**DATA IN THIS EXERCISE:**
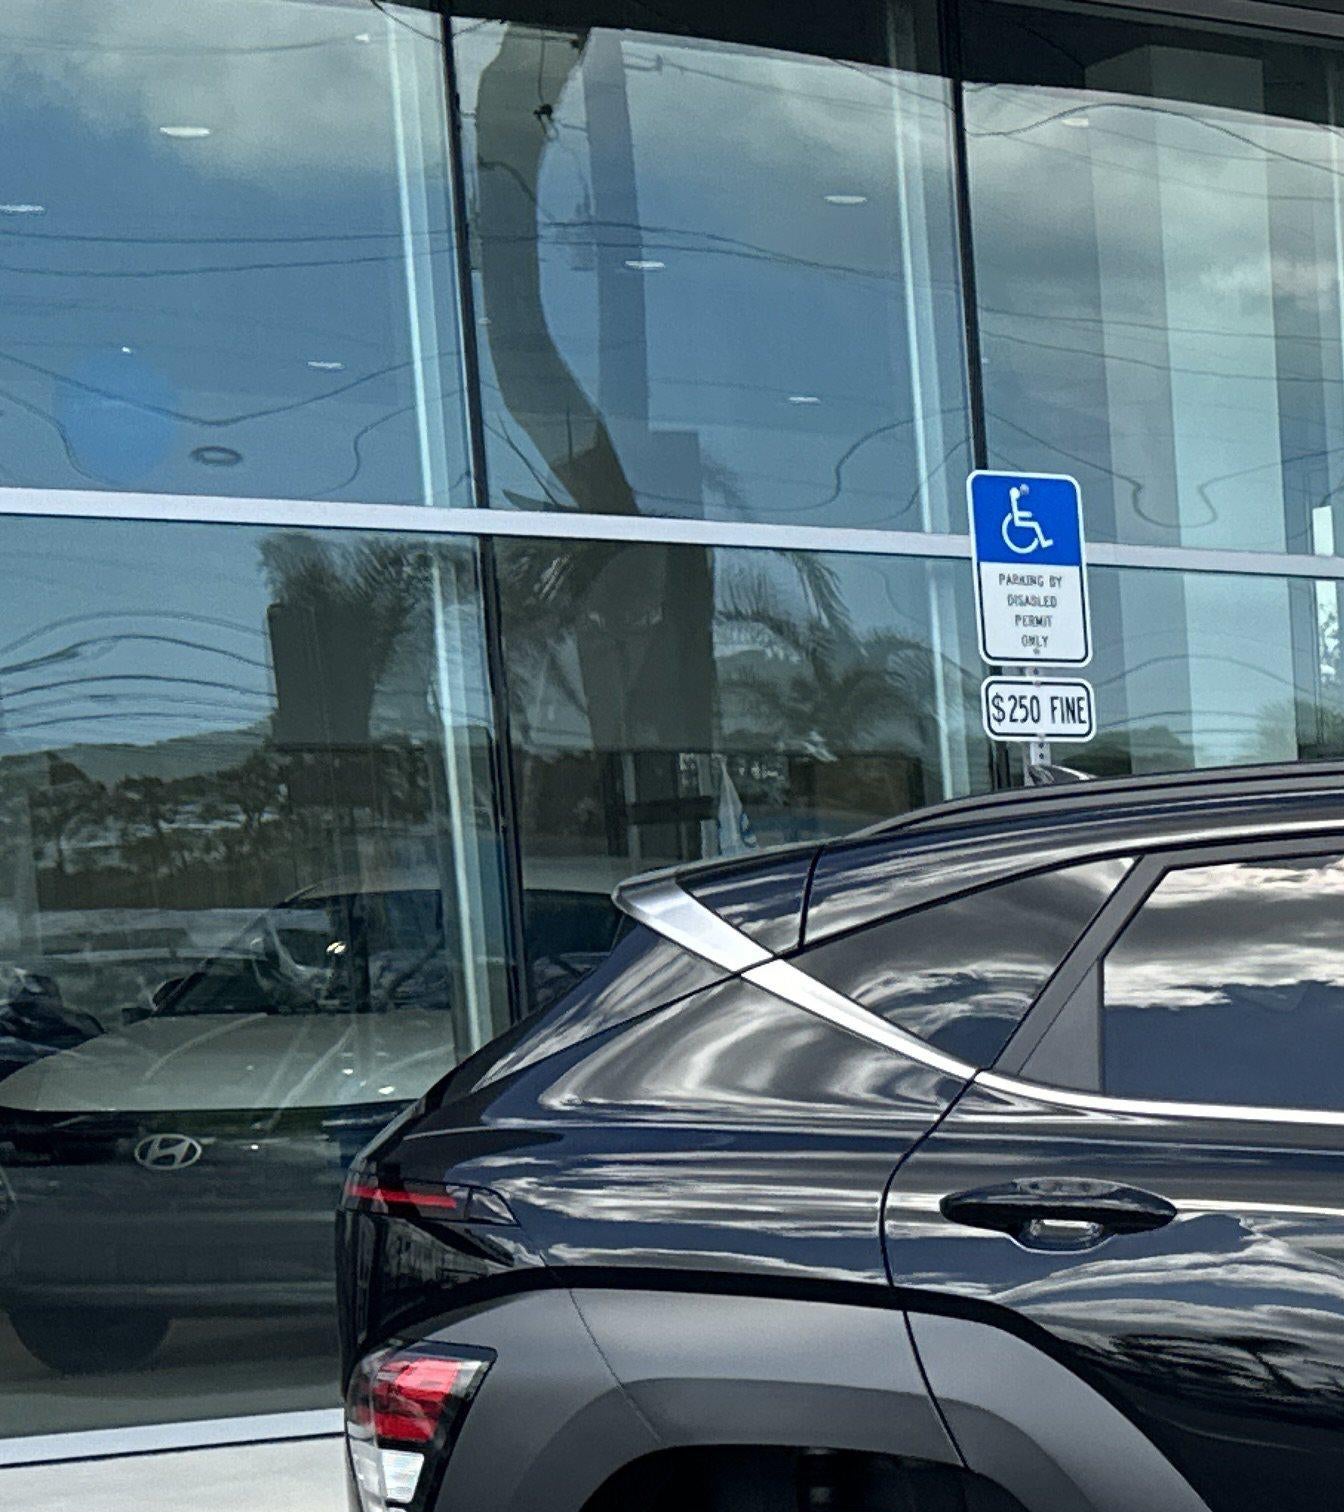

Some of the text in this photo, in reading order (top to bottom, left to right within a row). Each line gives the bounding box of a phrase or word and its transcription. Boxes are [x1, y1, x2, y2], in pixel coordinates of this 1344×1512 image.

[998, 573, 1062, 589] PARKING BY
[1007, 594, 1057, 608] DISABLED
[1014, 614, 1052, 628] PERMIT
[1021, 634, 1049, 648] ONLY
[991, 692, 1087, 727] $250 FINE

**EXERCISE:** Output the data exactly as it is, with the pictures dropped.

**REPLY:**
Some of the text in this photo, in reading order (top to bottom, left to right within a row). Each line gives the bounding box of a phrase or word and its transcription. Boxes are [x1, y1, x2, y2], in pixel coordinates of this 1344×1512 image.

[998, 573, 1062, 589] PARKING BY
[1007, 594, 1057, 608] DISABLED
[1014, 614, 1052, 628] PERMIT
[1021, 634, 1049, 648] ONLY
[991, 692, 1087, 727] $250 FINE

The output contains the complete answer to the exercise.